Aim of the task >> From the first line to the last, give the data again exactly.

Extracted information >>

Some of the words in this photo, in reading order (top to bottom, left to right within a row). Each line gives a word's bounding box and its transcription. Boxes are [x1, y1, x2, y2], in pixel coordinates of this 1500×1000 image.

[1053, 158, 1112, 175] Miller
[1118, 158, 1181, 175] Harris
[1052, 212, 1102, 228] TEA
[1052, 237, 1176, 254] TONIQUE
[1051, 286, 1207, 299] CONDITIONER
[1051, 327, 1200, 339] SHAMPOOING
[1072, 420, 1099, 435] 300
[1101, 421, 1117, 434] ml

Response to this task >>
Some of the words in this photo, in reading order (top to bottom, left to right within a row). Each line gives a word's bounding box and its transcription. Boxes are [x1, y1, x2, y2], in pixel coordinates of this 1500×1000 image.

[1053, 158, 1112, 175] Miller
[1118, 158, 1181, 175] Harris
[1052, 212, 1102, 228] TEA
[1052, 237, 1176, 254] TONIQUE
[1051, 286, 1207, 299] CONDITIONER
[1051, 327, 1200, 339] SHAMPOOING
[1072, 420, 1099, 435] 300
[1101, 421, 1117, 434] ml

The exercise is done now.